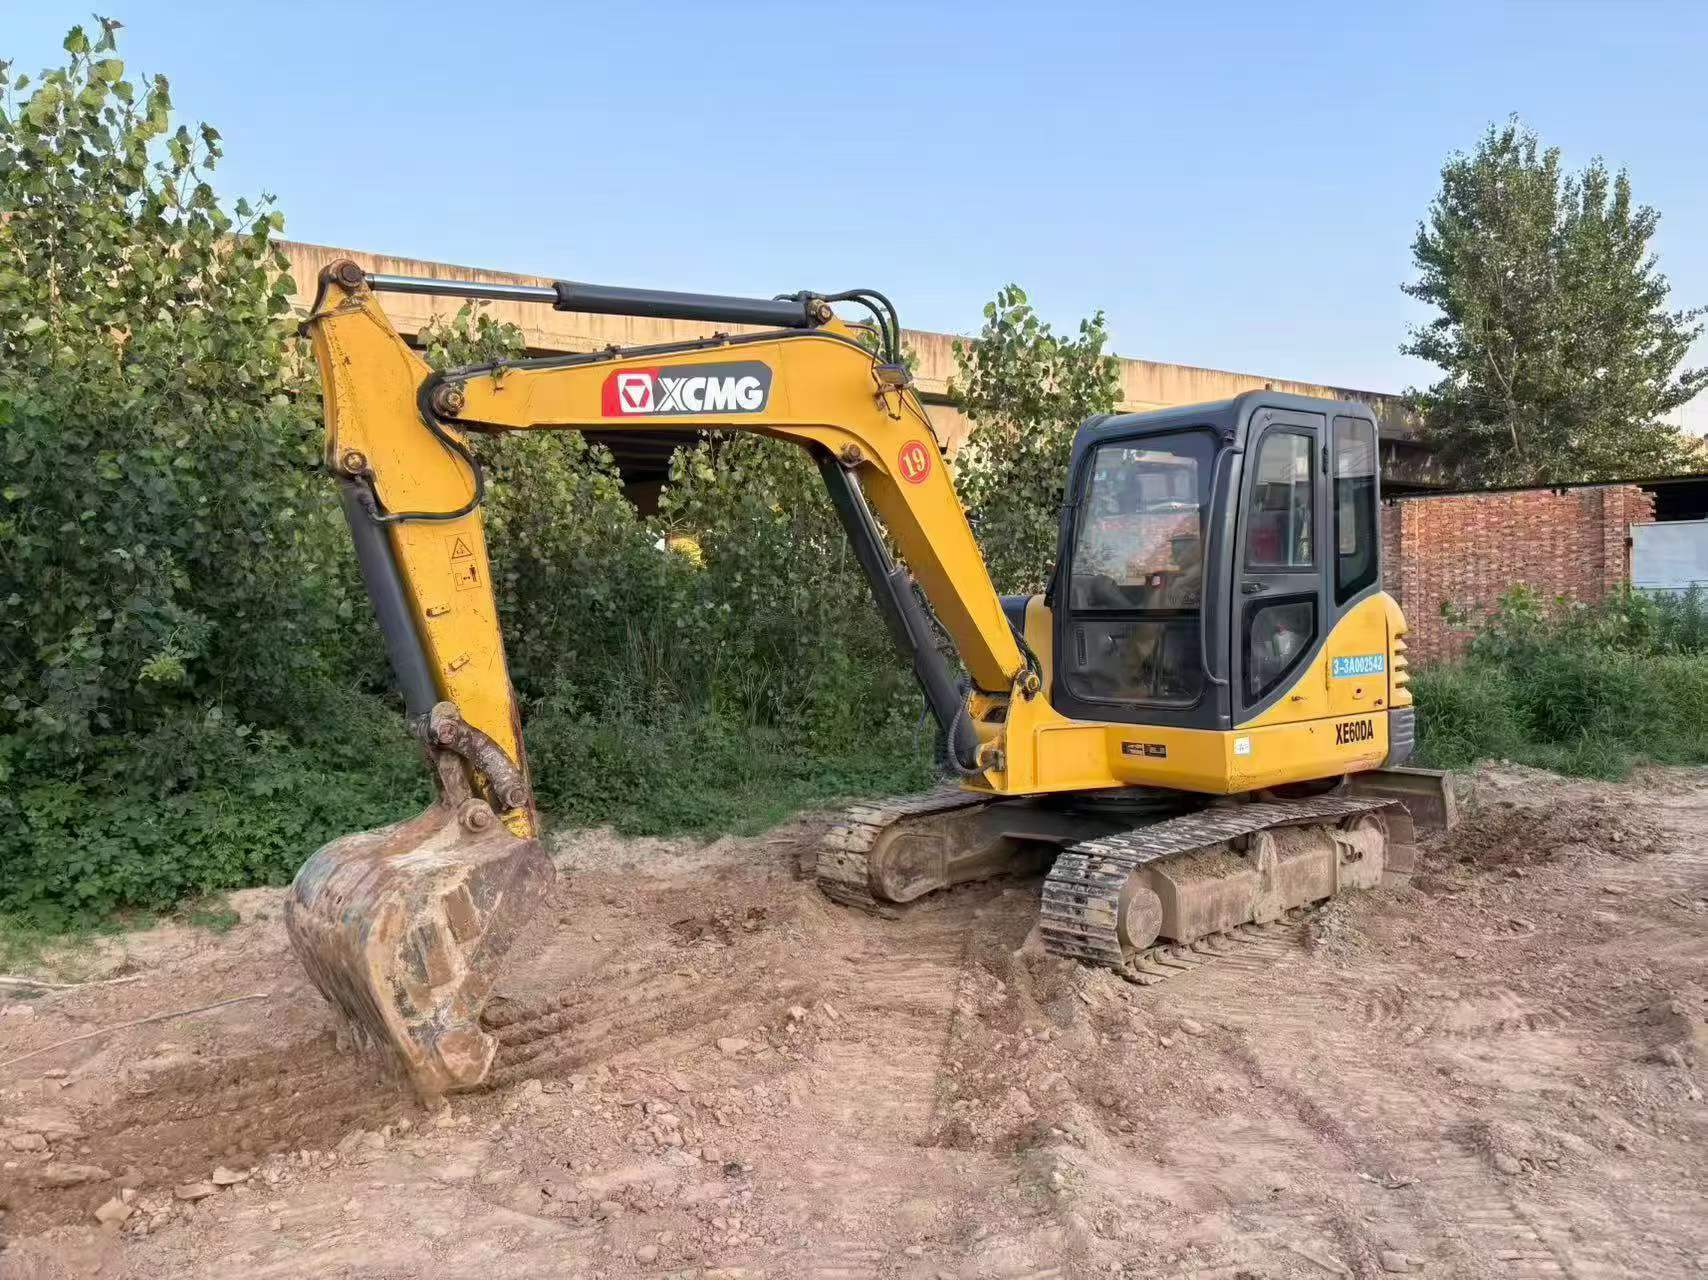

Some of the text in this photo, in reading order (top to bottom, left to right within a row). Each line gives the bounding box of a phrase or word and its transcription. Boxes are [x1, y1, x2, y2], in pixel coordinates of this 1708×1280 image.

[655, 376, 764, 412] XCMG
[902, 447, 926, 477] 19
[1335, 719, 1374, 746] XE60DA
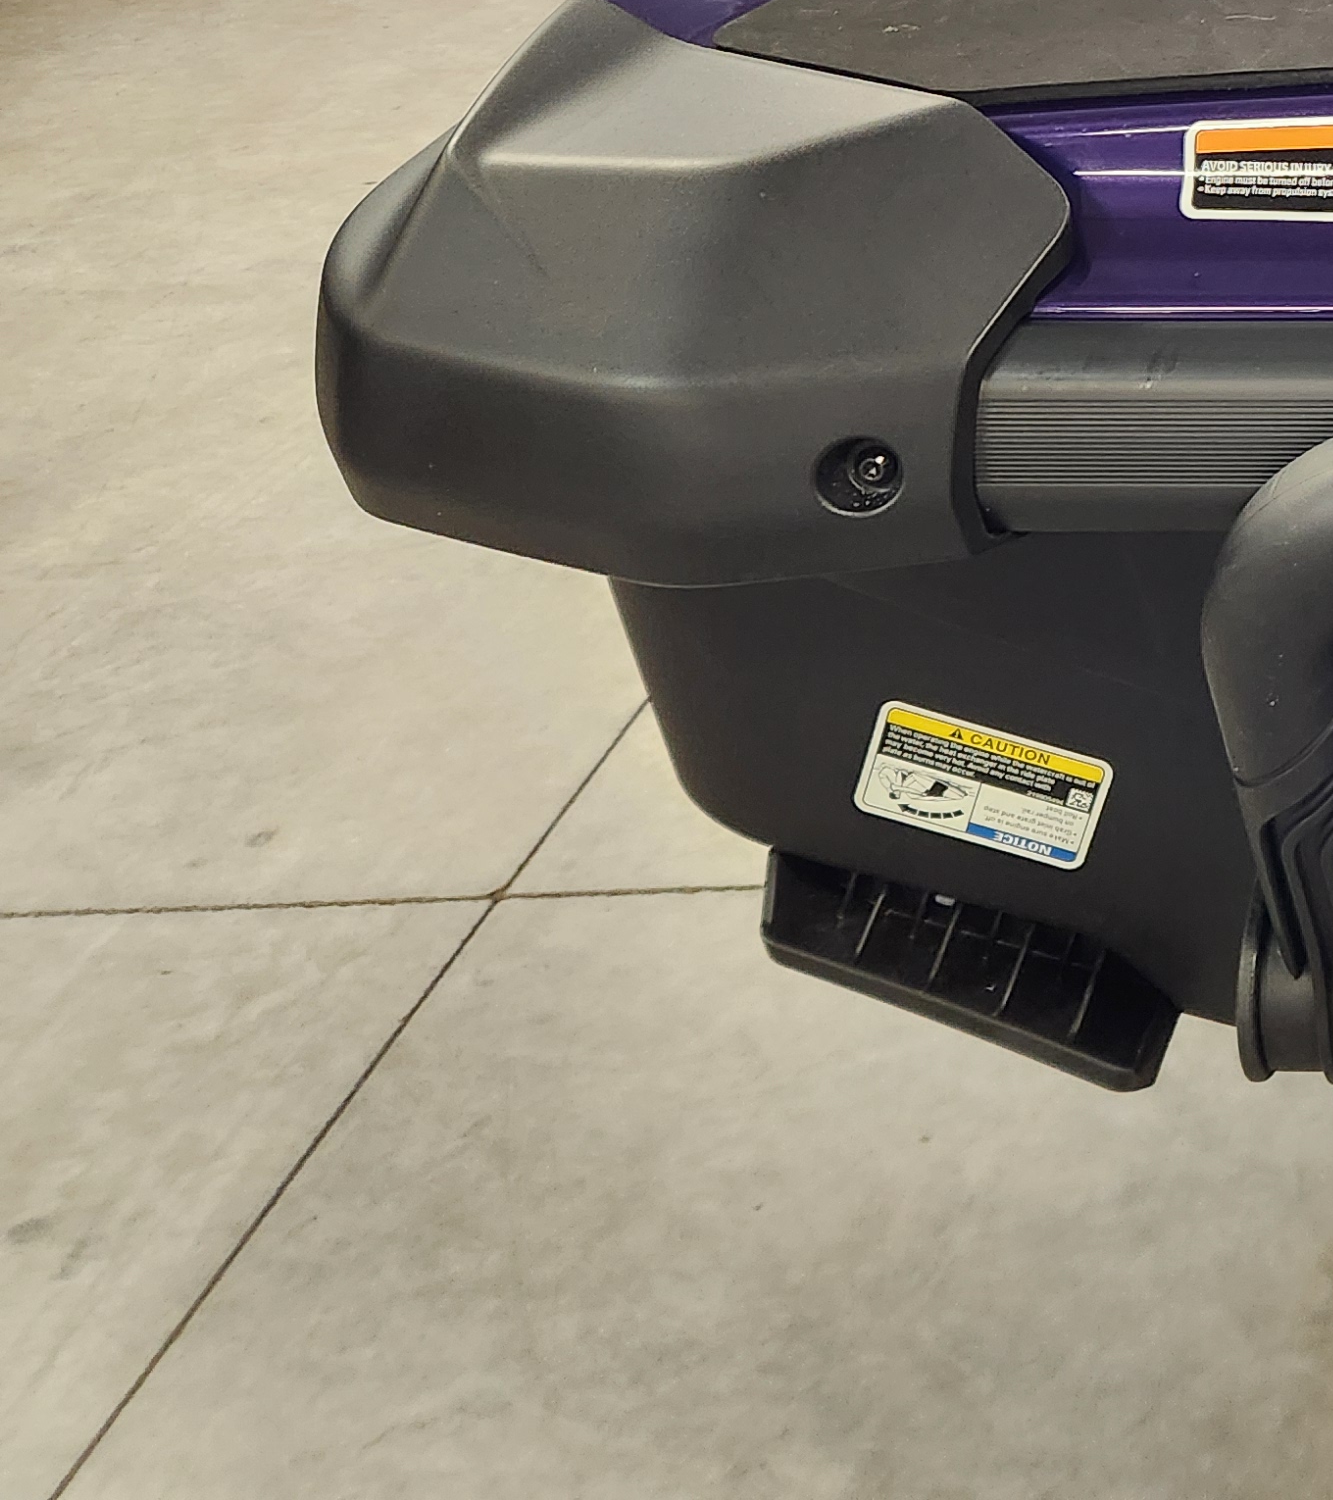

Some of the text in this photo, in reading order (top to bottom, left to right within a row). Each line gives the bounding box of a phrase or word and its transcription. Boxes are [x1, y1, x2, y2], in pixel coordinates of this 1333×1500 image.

[1201, 160, 1239, 173] AVOID
[1240, 161, 1288, 173] SERIOUS
[1206, 176, 1234, 186] Engine
[1298, 178, 1310, 186] off
[1204, 185, 1226, 195] Keep
[1228, 187, 1250, 196] away
[1252, 186, 1272, 194] from
[1272, 186, 1317, 197] propulsion
[970, 734, 1051, 766] CAUTION
[882, 746, 976, 778] plate as burns may occur.
[888, 732, 900, 740] the
[900, 736, 924, 748] water,
[925, 742, 938, 752] the
[939, 746, 957, 756] heat
[957, 752, 998, 768] exchanger
[1006, 766, 1020, 774] the
[1020, 770, 1036, 780] ride
[1036, 774, 1056, 786] plate
[890, 724, 912, 736] When
[913, 730, 950, 748] operating
[950, 742, 964, 751] the
[964, 746, 990, 759] engine
[990, 754, 1012, 764] while
[1012, 760, 1026, 768] the
[1026, 764, 1066, 781] watercraft
[1074, 778, 1086, 787] out
[1086, 781, 1096, 789] of
[884, 738, 1052, 792] may become very hot. Avoid any contact with
[983, 805, 1000, 816] step
[1021, 807, 1036, 817] rail.
[1046, 806, 1062, 816] boat
[984, 814, 996, 822] off.
[1018, 815, 1036, 826] grate
[1036, 811, 1064, 826] bumper
[1006, 822, 1030, 834] engine
[1038, 820, 1054, 830] inlet
[1031, 830, 1048, 838] sure
[1054, 826, 1072, 836] Grab
[993, 832, 1052, 856] NOTICE
[1050, 834, 1069, 845] Make
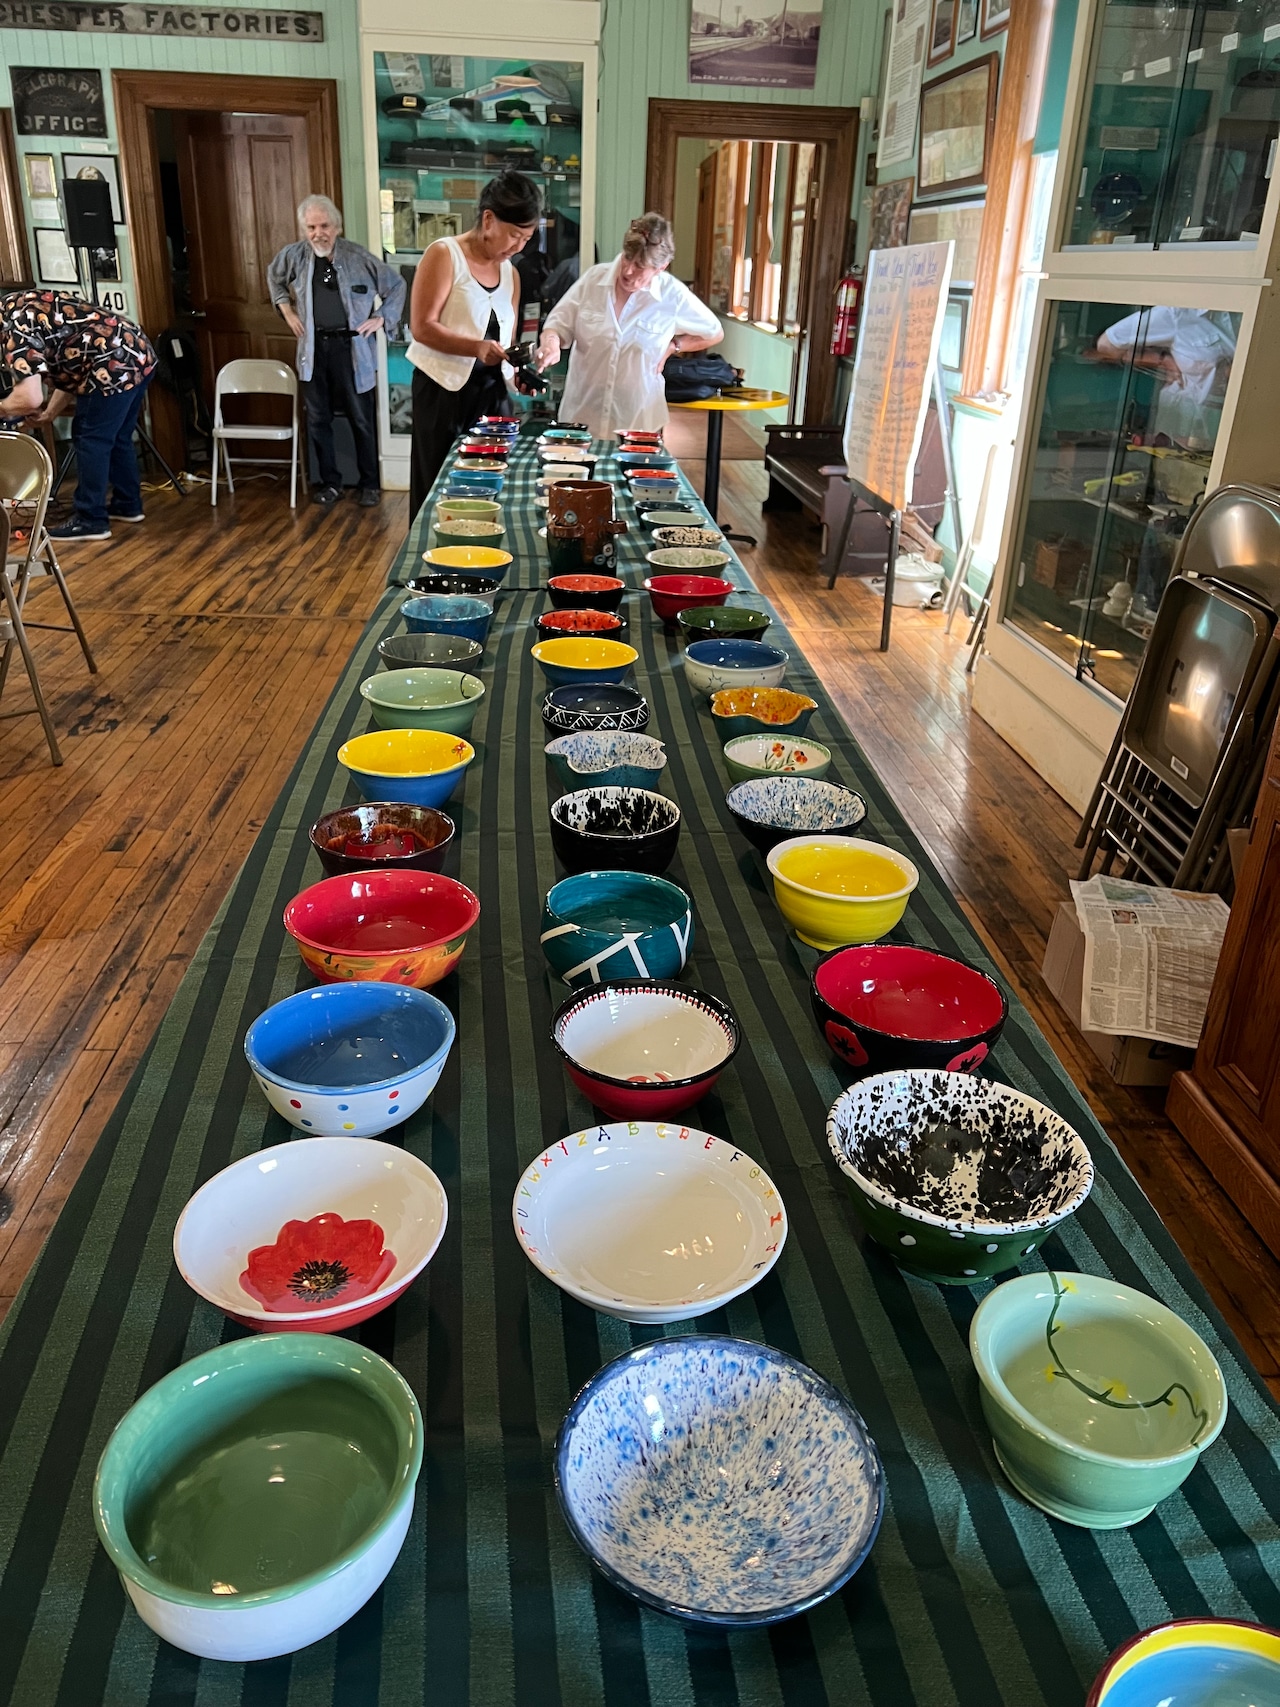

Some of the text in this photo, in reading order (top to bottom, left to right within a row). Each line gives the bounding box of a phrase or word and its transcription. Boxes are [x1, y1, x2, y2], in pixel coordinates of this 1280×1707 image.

[146, 10, 319, 36] FACTORIES.
[598, 1126, 611, 1142] A
[627, 1122, 640, 1136] B
[656, 1124, 666, 1138] C
[679, 1128, 690, 1140] D
[576, 1133, 588, 1146] Z
[704, 1136, 717, 1150] E
[556, 1141, 569, 1156] Y
[540, 1152, 553, 1168] X
[729, 1151, 744, 1162] F

==*==

▶ [Your instructions]:
With images left out, the data must be transcribed exactly.

▶ [Response to the task]:
Some of the text in this photo, in reading order (top to bottom, left to right within a row). Each line gives the bounding box of a phrase or word and its transcription. Boxes are [x1, y1, x2, y2], in pixel coordinates of this 1708×1280 image.

[655, 376, 764, 412] XCMG
[902, 447, 926, 477] 19
[1335, 719, 1374, 746] XE60DA

Some of the text in this photo, in reading order (top to bottom, left to right within a row). Each line gives the bounding box of a phrase or word and its transcription. Boxes are [x1, y1, x2, y2], in pixel coordinates of this 1333×1500 image.

[1201, 160, 1239, 173] AVOID
[1240, 161, 1288, 173] SERIOUS
[1206, 176, 1234, 186] Engine
[1298, 178, 1310, 186] off
[1204, 185, 1226, 195] Keep
[1228, 187, 1250, 196] away
[1252, 186, 1272, 194] from
[1272, 186, 1317, 197] propulsion
[970, 734, 1051, 766] CAUTION
[882, 746, 976, 778] plate as burns may occur.
[888, 732, 900, 740] the
[900, 736, 924, 748] water,
[925, 742, 938, 752] the
[939, 746, 957, 756] heat
[957, 752, 998, 768] exchanger
[1006, 766, 1020, 774] the
[1020, 770, 1036, 780] ride
[1036, 774, 1056, 786] plate
[890, 724, 912, 736] When
[913, 730, 950, 748] operating
[950, 742, 964, 751] the
[964, 746, 990, 759] engine
[990, 754, 1012, 764] while
[1012, 760, 1026, 768] the
[1026, 764, 1066, 781] watercraft
[1074, 778, 1086, 787] out
[1086, 781, 1096, 789] of
[884, 738, 1052, 792] may become very hot. Avoid any contact with
[983, 805, 1000, 816] step
[1021, 807, 1036, 817] rail.
[1046, 806, 1062, 816] boat
[984, 814, 996, 822] off.
[1018, 815, 1036, 826] grate
[1036, 811, 1064, 826] bumper
[1006, 822, 1030, 834] engine
[1038, 820, 1054, 830] inlet
[1031, 830, 1048, 838] sure
[1054, 826, 1072, 836] Grab
[993, 832, 1052, 856] NOTICE
[1050, 834, 1069, 845] Make

Some of the text in this photo, in reading order (top to bottom, left to right within a row). Each line gives the bounding box of a phrase or word and its transcription. Boxes are [x1, y1, x2, y2], in pixel coordinates of this 1280×1707 image.

[146, 10, 319, 36] FACTORIES.
[598, 1126, 611, 1142] A
[627, 1122, 640, 1136] B
[656, 1124, 666, 1138] C
[679, 1128, 690, 1140] D
[576, 1133, 588, 1146] Z
[704, 1136, 717, 1150] E
[556, 1141, 569, 1156] Y
[540, 1152, 553, 1168] X
[729, 1151, 744, 1162] F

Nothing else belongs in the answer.